В Риме почта приносила Николаю Александровичу тревожные письма из Киева: его мать была опять больна, денежные дела становились все более тяжелыми и запутанными, родители слали «Коле» телеграммы с просьбой срочно приехать и помочь. Бердяев очень нервничал, переживал, плохо спал, кричал во сне. Лидия Юдифовна была против возвращения. «Слезы жены, возмущенной эгоизмом стариков: нарушить так трудно давшуюся ему передышку»[192], — вспоминала Герцык. Кстати, Герцык узнала о тяжелой семейной ситуации не сразу, а только спустя несколько дней после приезда в Рим: Бердяев не хотел рассказывать ей о болезни брата, об остром безденежье, но по настоянию жены Евгению Казимировну посвятили в непростые семейные проблемы. Скоро Бердяевы вынуждены были покинуть Италию, они уехали в Россию. Герцык же осталась в Европе еще на некоторое время. Она писала из Лозанны Вячеславу Иванову: «Теперь о Николае Александровиче. Он переживает очень тяжелое время. О болезнях в семье, о преследовании со стороны родственников, о буквальной нищете их Вам, верно, рассказала Мария Михайловна. Под влиянием же глухого постоянного осуждения и непризнания со стороны Булгакова, Эрна, Рачинского он переживал этой зимой угнетающие сомнения. Эта оскорбительная, потому что всегда замалчиваемая, вражда против него была мне тяжела в Москве, и я понимаю, что виною этого только их разность… Теперь, когда они открыто высказали свою рознь, разность своих путей, стало уж легче»[193].

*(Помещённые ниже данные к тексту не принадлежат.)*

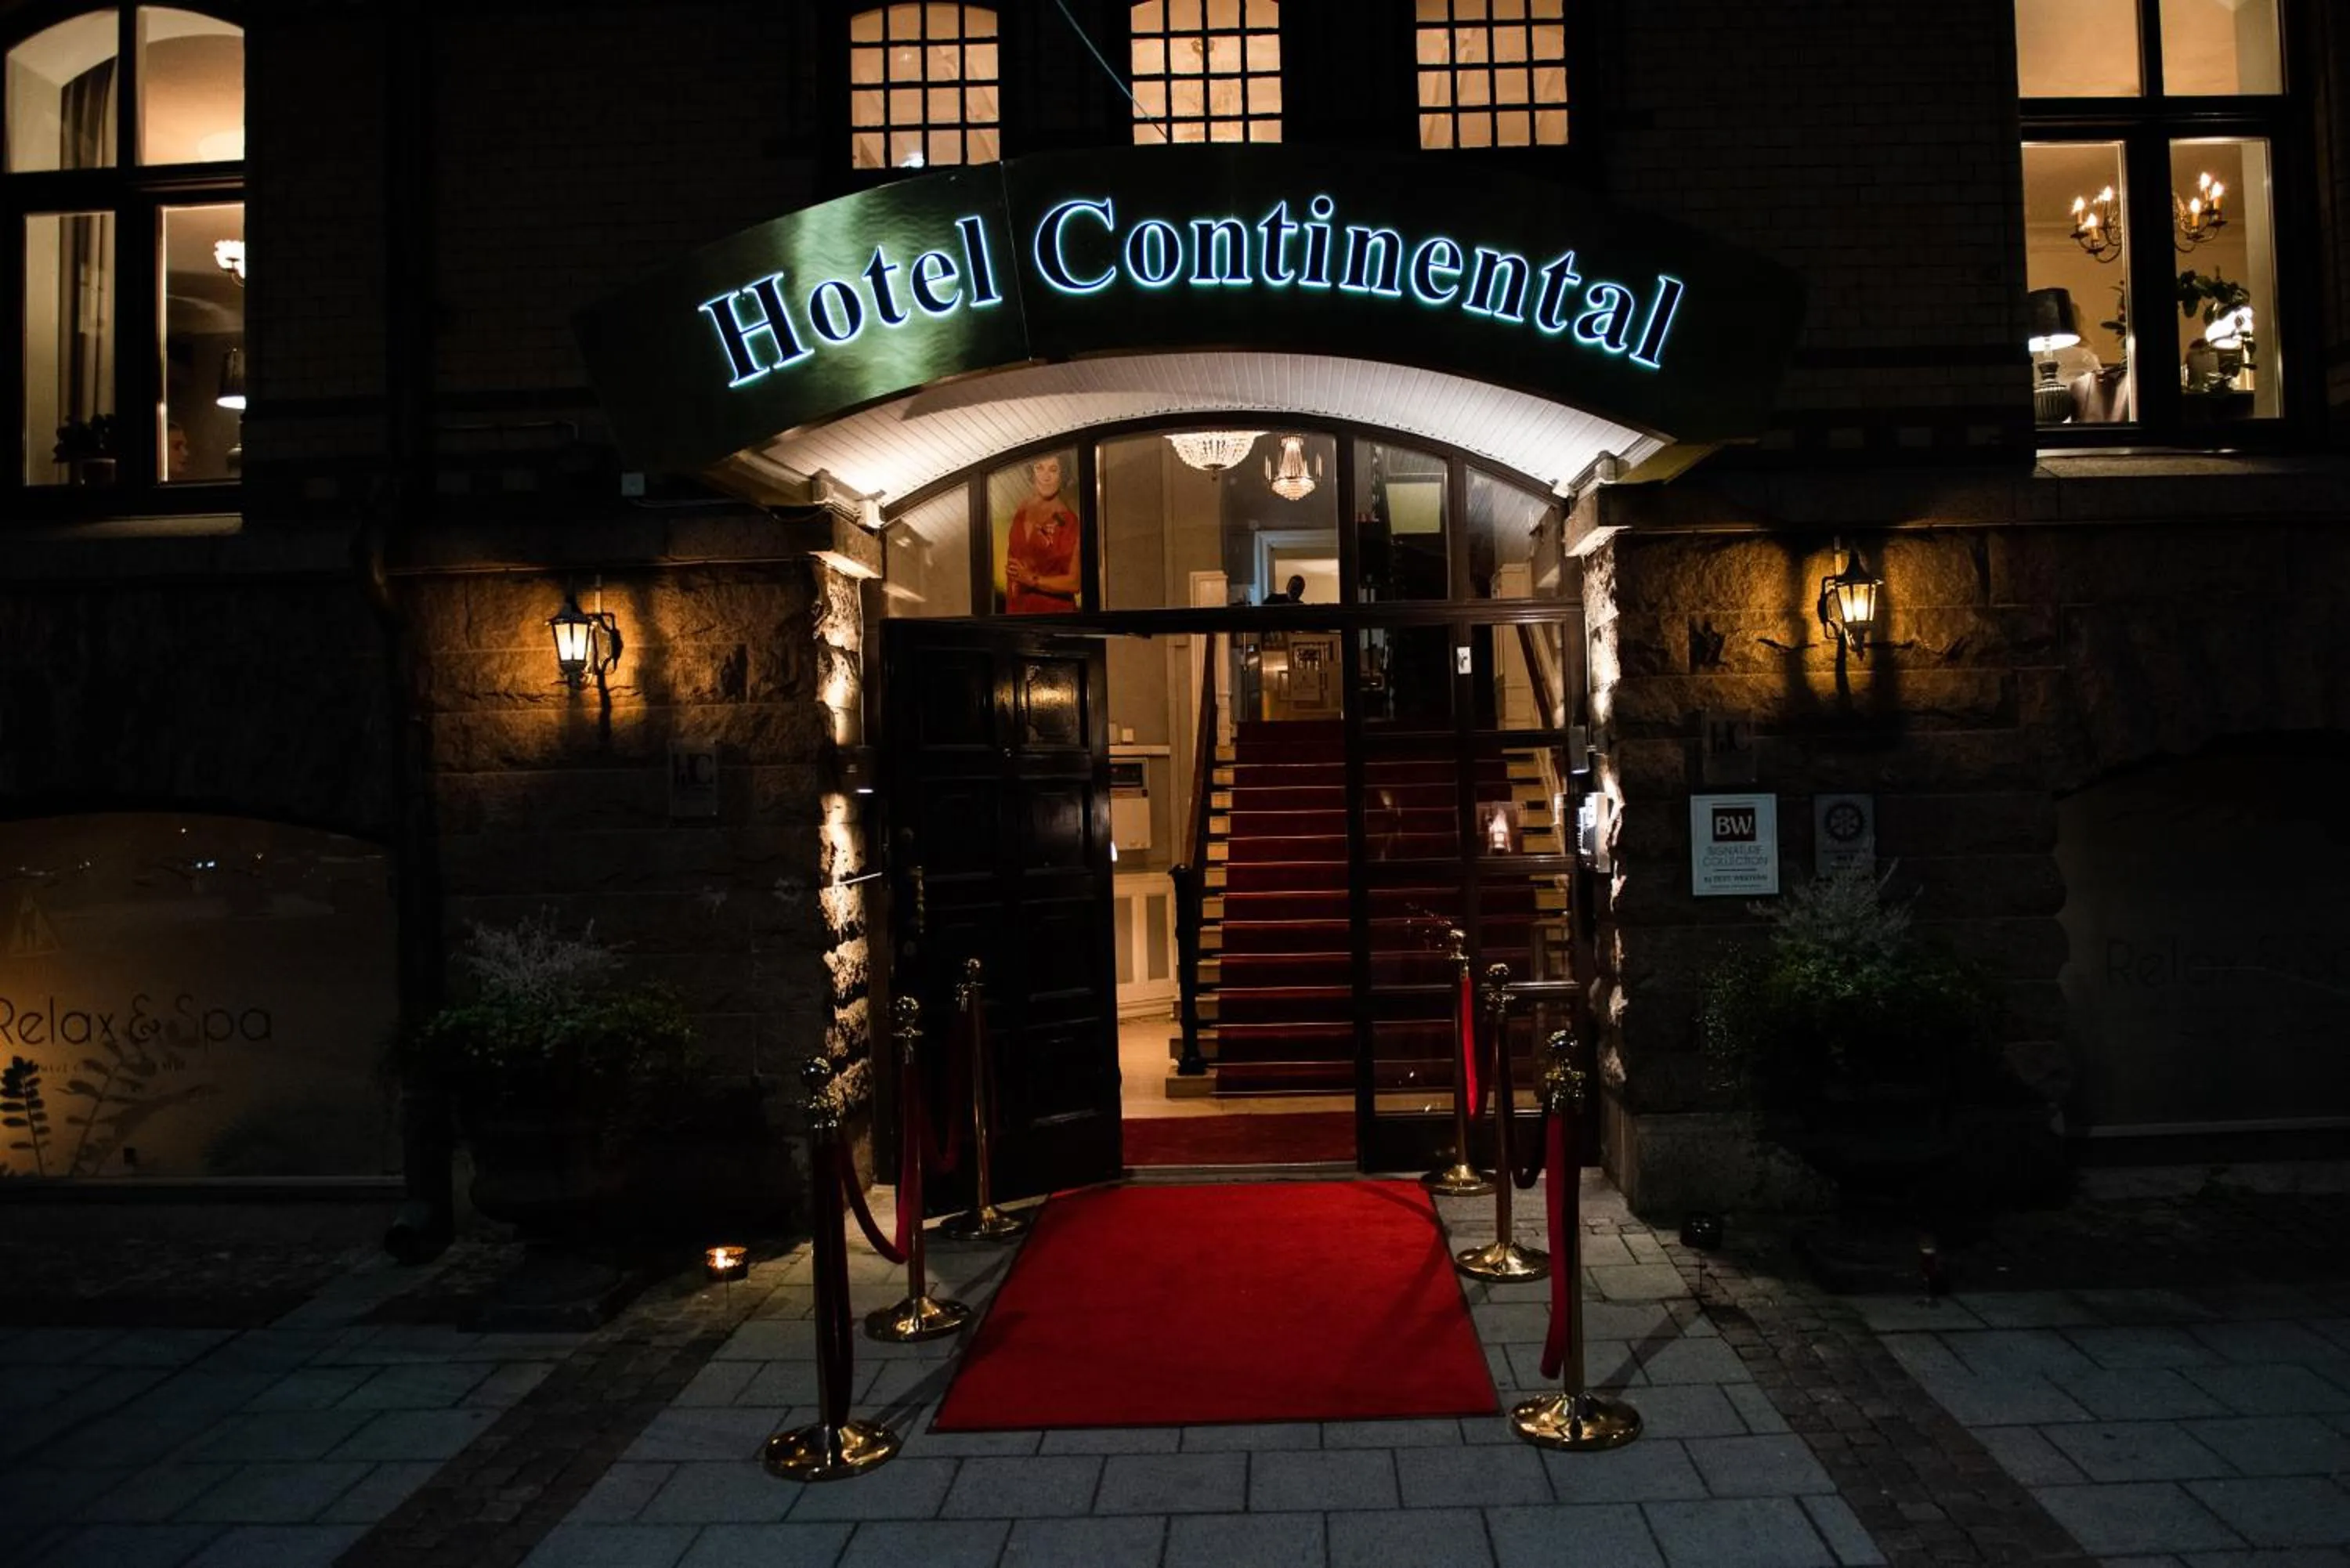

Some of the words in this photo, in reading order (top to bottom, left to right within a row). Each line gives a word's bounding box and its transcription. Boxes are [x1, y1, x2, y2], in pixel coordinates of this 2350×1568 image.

Действительно, позицию Бердяева не принимали бывшие единомышленники по «Пути»: его книга о Хомякове была встречена прохладно. Ф. А. Степун, например, указал на субъективизм в трактовке Хомякова — Бердяев рассмотрел лишь те моменты наследия философа, которые ему импонировали, оставив в тени многие важные моменты хомяковской философии, упомянув о них вскользь и мимолетно[194]. Булгаков согласился со Степуном, сказав про книжку, что это не столько Хомяков, сколько Бердяев о Хомякове (но разве бывает иначе?). «Философия свободы» тоже не нашла поддержки в «Пути». Евгений Николаевич Трубецкой сделал доклад в Религиозно-философском обществе с критикой позиции Бердяева. Булгаков сказал общим знакомым, что с Николаем Александровичем было трудно работать в издательстве, и эту оценку тут же довели до сведения Бердяева… Николай Александрович очень переживал этот период непонимания и расхождения с людьми, которых недавно считал единомышленниками. С В. Эрном, противоречия с которым тоже были достаточно болезненны, Бердяев встретился в Италии — и часть проблем была снята после беседы. Булгакову он написал резкое письмо (которое скорее усугубило ситуацию, чем помогло ее разрешить). Окончательный разрыв с «православными кругами» был неминуем: Бердяев был слишком индивидуалистом, чтобы сковывать себя догматическими цепями. Но разрыв с «Путем» тяжело ему дался — и морально, и финансово: издательство было не коммерческим, цели получить прибыль перед собой не ставило, и Морозова платила за тексты авторам большие деньги. Замену такому заработку было найти трудно.